_SUPPLIED RECORDS_:
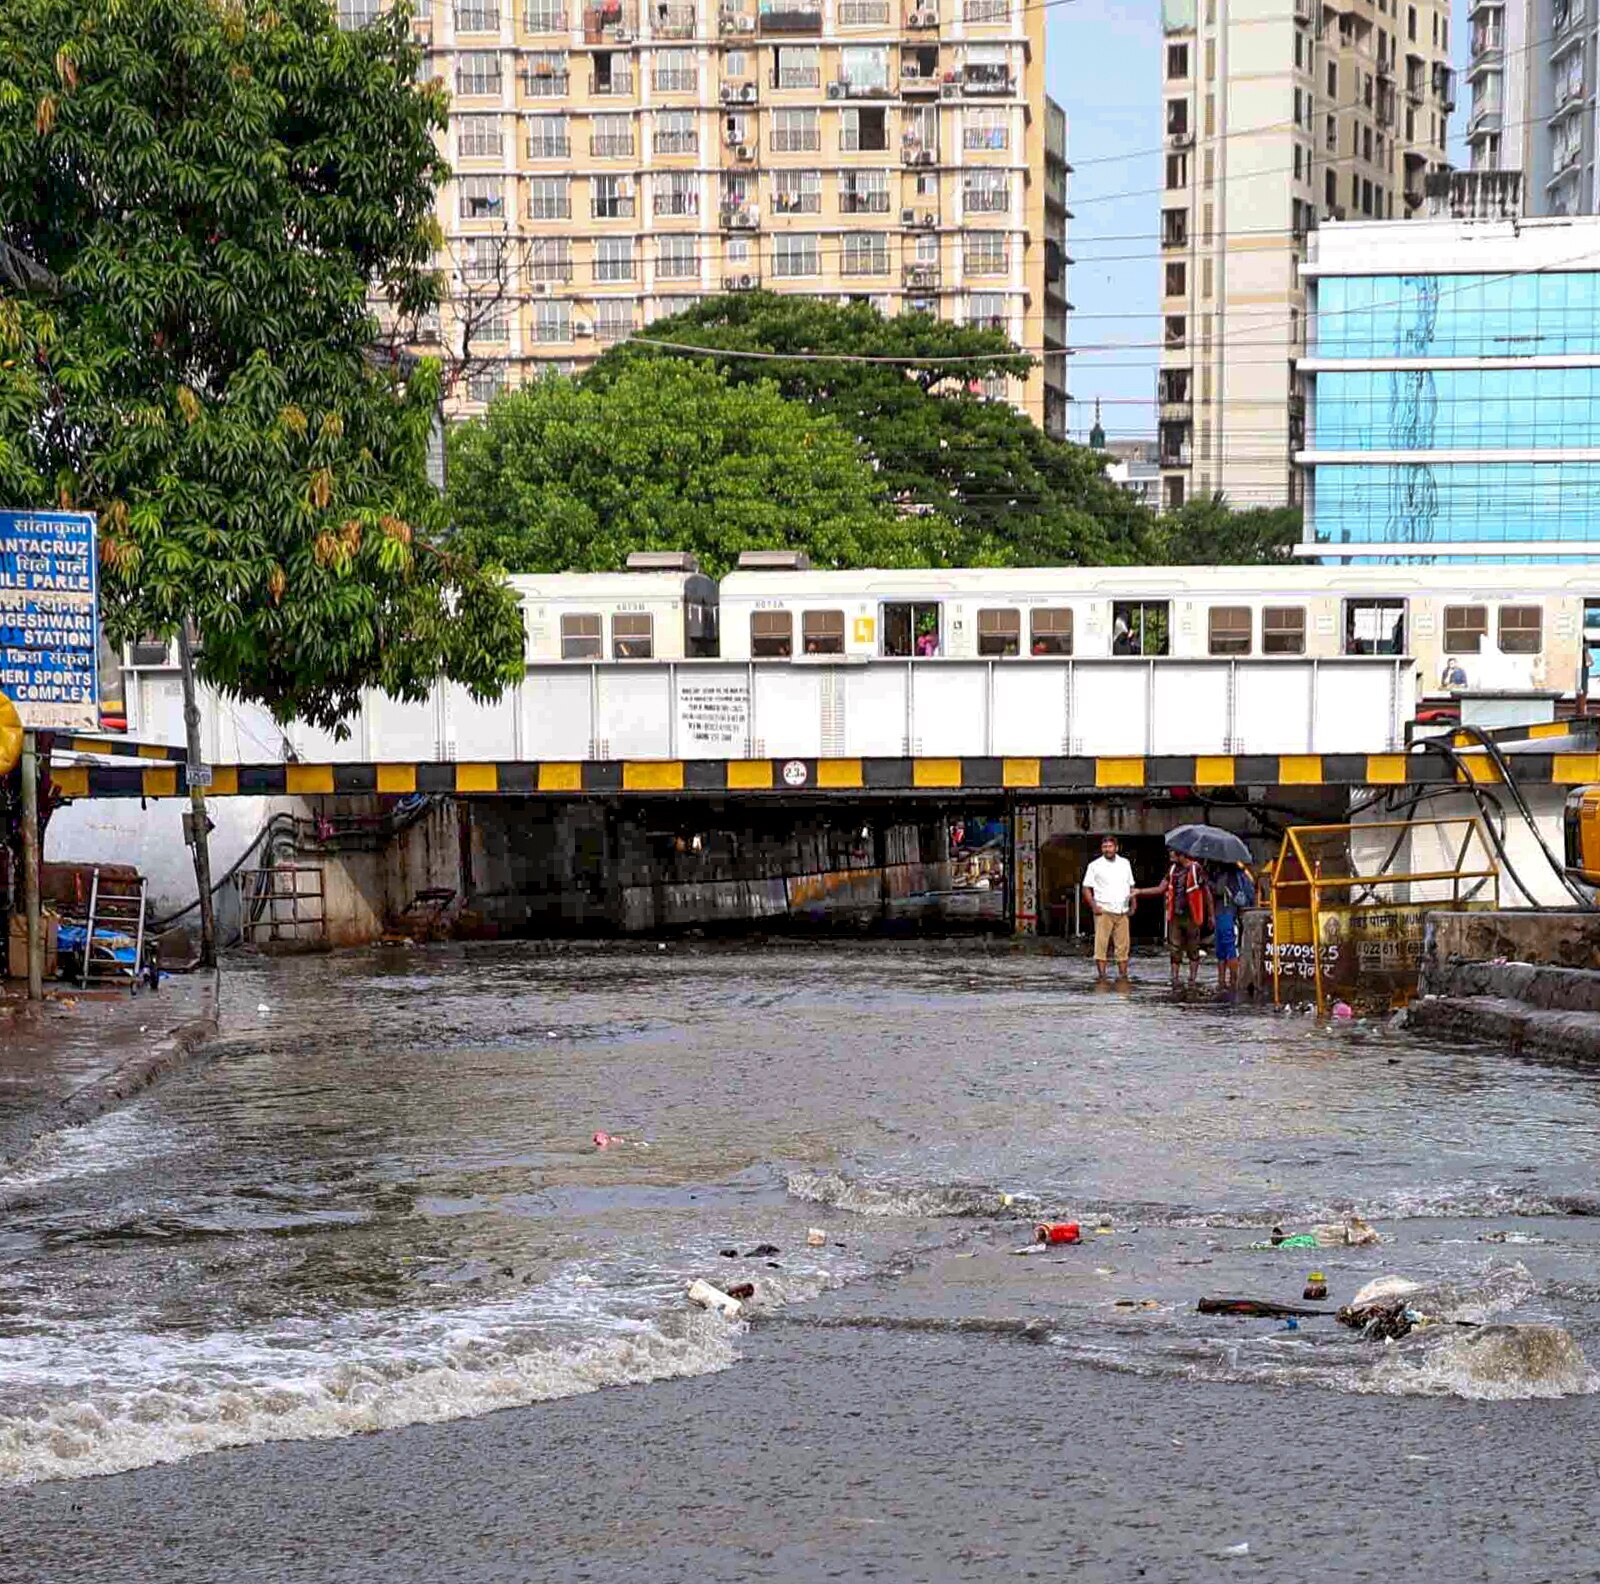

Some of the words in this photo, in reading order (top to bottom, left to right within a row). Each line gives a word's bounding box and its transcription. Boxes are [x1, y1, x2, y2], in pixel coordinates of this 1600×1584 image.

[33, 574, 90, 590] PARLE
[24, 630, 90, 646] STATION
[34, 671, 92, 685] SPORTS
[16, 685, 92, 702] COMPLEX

_REQUIRED WORK_:
Every entry above should be written out again verbatim, with no pictures included.

_FINISHED TASK_:
Some of the words in this photo, in reading order (top to bottom, left to right within a row). Each line gives a word's bounding box and its transcription. Boxes are [x1, y1, x2, y2], in pixel coordinates of this 1600×1584 image.

[33, 574, 90, 590] PARLE
[24, 630, 90, 646] STATION
[34, 671, 92, 685] SPORTS
[16, 685, 92, 702] COMPLEX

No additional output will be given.